The Consumer Financial Protection Bureau issued a new ruling. It’s 653 pages long.

Lisa L. Gill is an Investigative Reporter with Consumer Reports. She read through the ruling to find out how it would affect Americans with debt and wrote this story.

According to her research, nearly one in four Americans have a bill in collections at any given time. That’s nearly 70 million Americans.

“The biggest takeaway was that collection agencies will be able to contact you with private messages on Facebook, on Instagram, on Twitter, with unlimited amount of contact," said Gill. "So the CFPB says that consumers will be able to opt out of that so you will be able to say please don’t contact me that way but they can also email you, they can text message you and they can make up to seven phone calls a week. With one conversation and in some cases possibly even more than that and that’s seven phone calls per bill in collections so you could just be utterly overwhelmed and inundated with calls and points of contact.”
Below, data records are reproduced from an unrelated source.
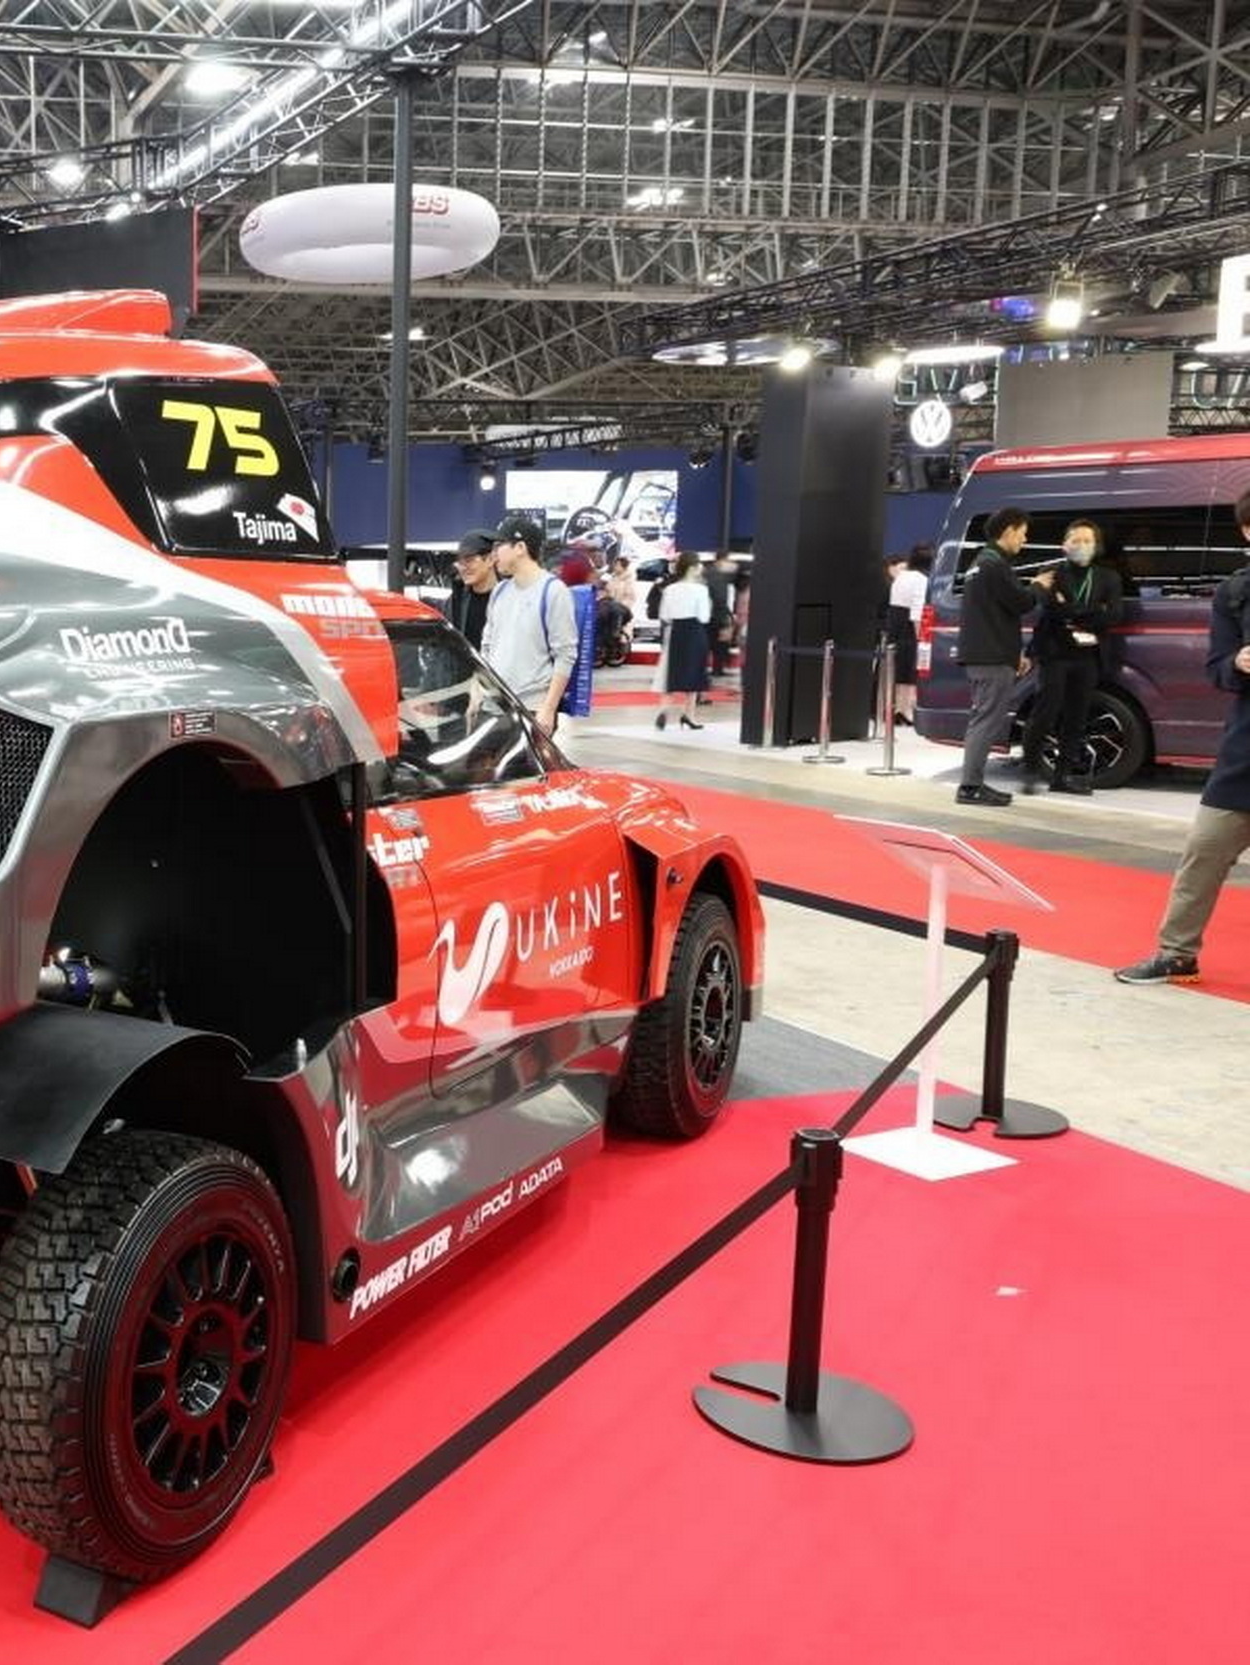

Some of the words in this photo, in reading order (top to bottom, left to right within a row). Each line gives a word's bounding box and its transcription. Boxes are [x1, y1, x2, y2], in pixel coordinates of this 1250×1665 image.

[410, 193, 449, 216] BS
[162, 400, 279, 476] 75
[233, 511, 298, 544] Tajima
[367, 833, 430, 867] ter
[350, 1255, 407, 1319] POWER
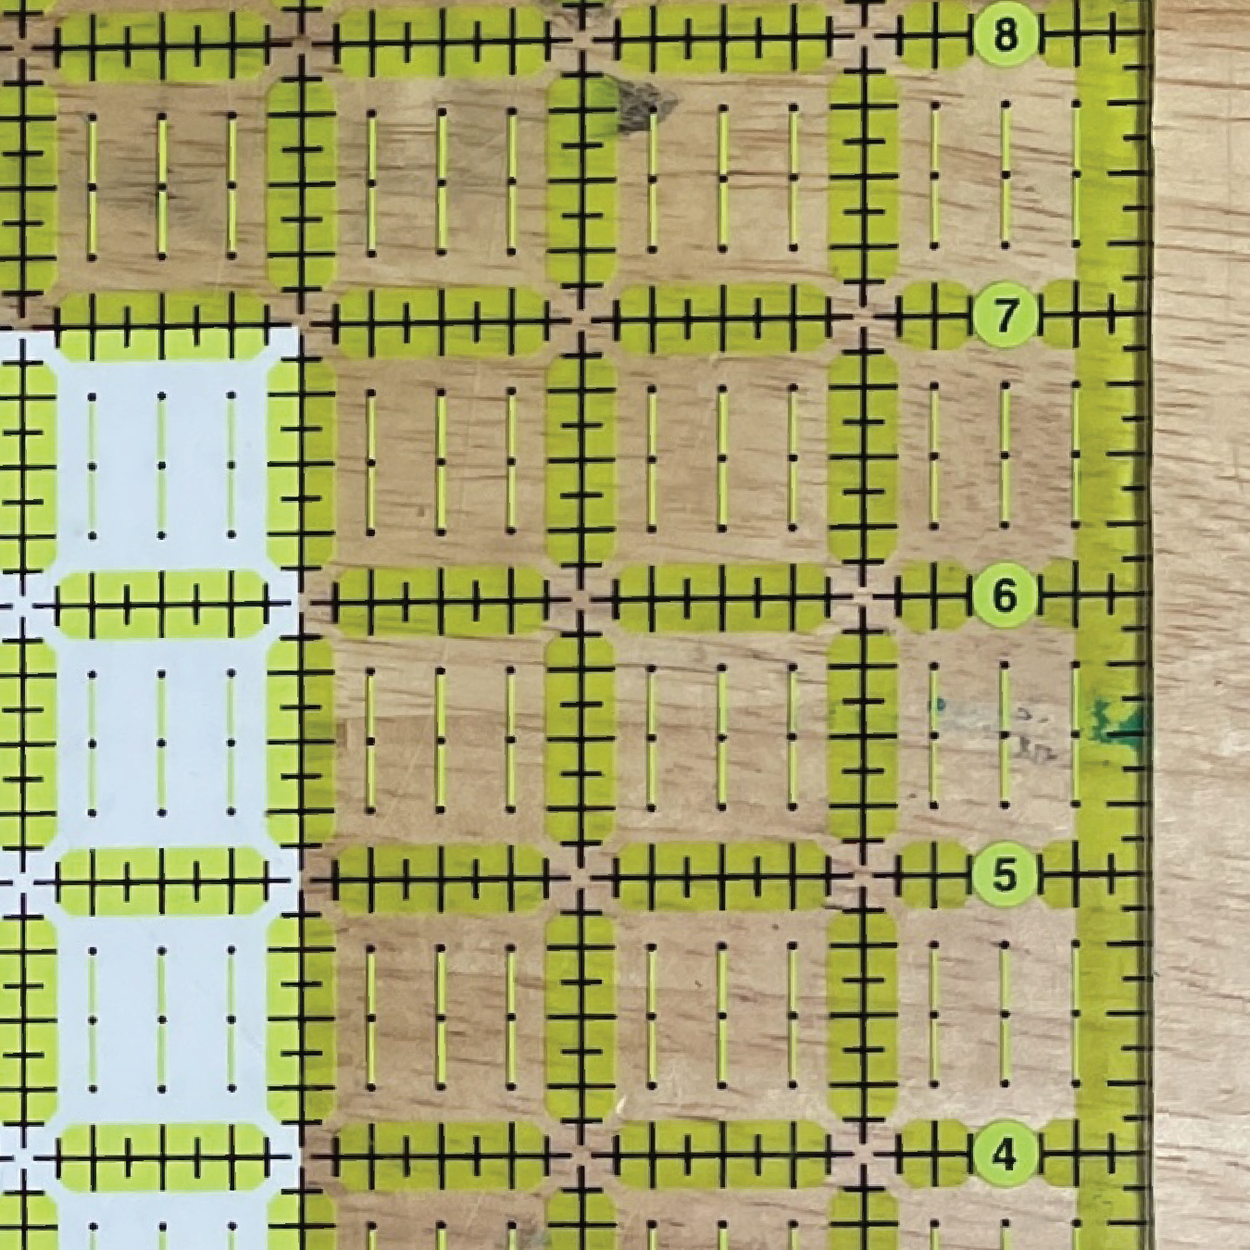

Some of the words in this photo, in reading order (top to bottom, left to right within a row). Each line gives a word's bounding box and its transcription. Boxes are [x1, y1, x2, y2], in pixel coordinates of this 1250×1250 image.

[994, 17, 1018, 53] 8
[994, 297, 1020, 333] 7
[993, 577, 1018, 613] 6
[993, 857, 1017, 893] 5
[992, 1137, 1017, 1171] 4
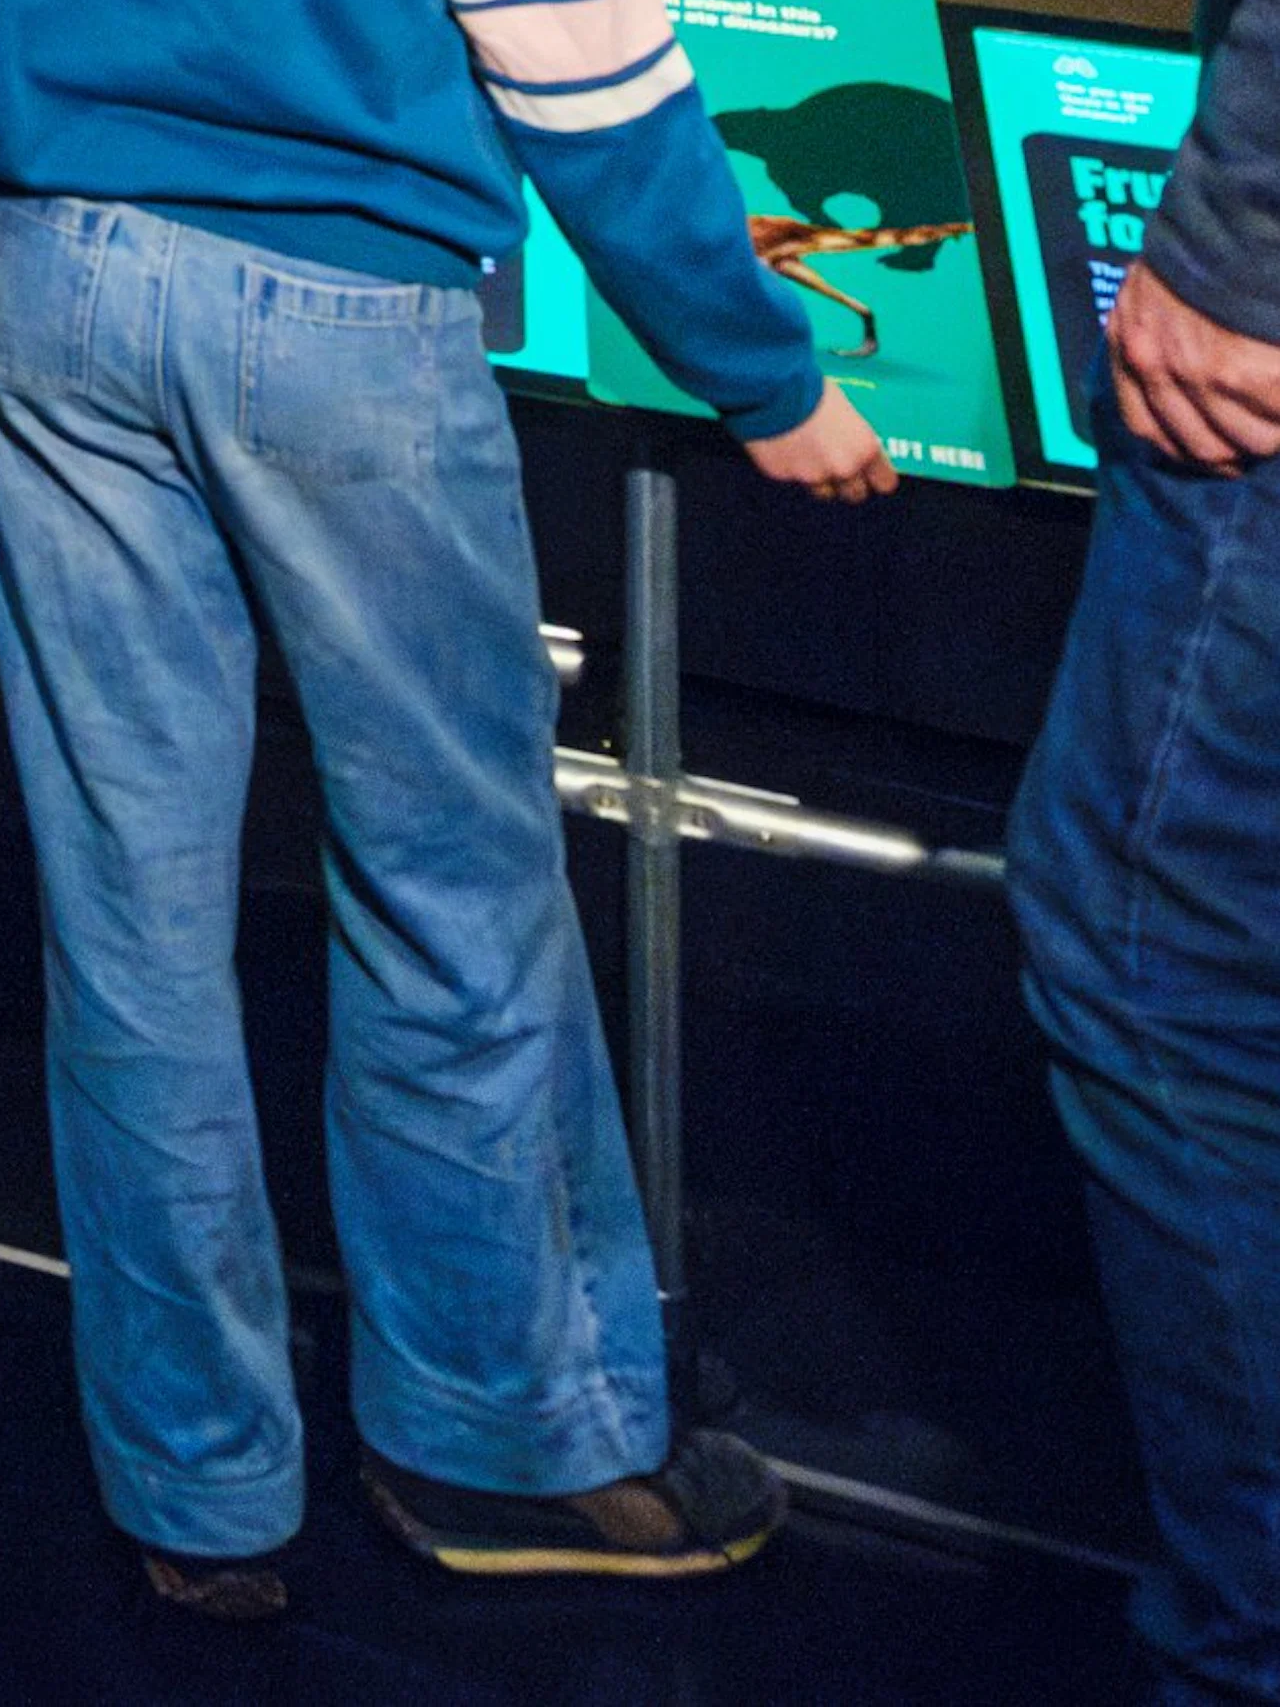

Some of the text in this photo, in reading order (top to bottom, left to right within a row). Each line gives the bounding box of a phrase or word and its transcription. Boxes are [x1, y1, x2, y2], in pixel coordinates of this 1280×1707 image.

Keep in mind, this new ruling takes effect about a year from now. Before that time rolls around there are some things consumers need to know.

When you get a call or any form of communication from a debt collector make sure the debt they’re calling about is actually yours.

If there is someone out there with the same name as you and that person has a bill in collections the debt collector can still call you and ask you to pay it.

So here’s what Gill recommends.

“When they call you and you don’t recognize the name of the debtor, like the original group that you, the original company or organization that they are trying to collect from or the amount, or even if you do and you’re like I think I paid that, you can ask them to validate the debt. They have to, within five days, in writing, have to send you what they’re trying to collect from you, how much they think you owe, and to what company or organization," she explained.

She also recommends checking your credit every single week. Gill says you can go to to access it for free once a week. This website is set up by the three major credit bureaus: Experian, Equifax and TransUnion.

Due to the pandemic, consumers can get a free credit report from each of these credit bureaus each week until the end of April 2021.

There’s also something called “zombie debt."

“It’s possible that it is actually your debt but it’s old debt that you did not pay and one thing I learned in reporting this story is that debt expires in many states after about, somewhere between 3 and 6 years, sometimes a little longer. Sometimes a little shorter," Gill said. "Debt collection agencies purchase your debt anyway and they try to collect it. So the really bad part is you might not owe it but you try to make a payment on it you will suddenly revive the debt. It’s called zombie debt so don’t offer to make a payment on that first or even second contact. Make sure that you actually owe it otherwise you could be on the hook for something that you don’t actually need to pay.”

At the end of the day consumers are responsible for knowing what they owe and paying it off.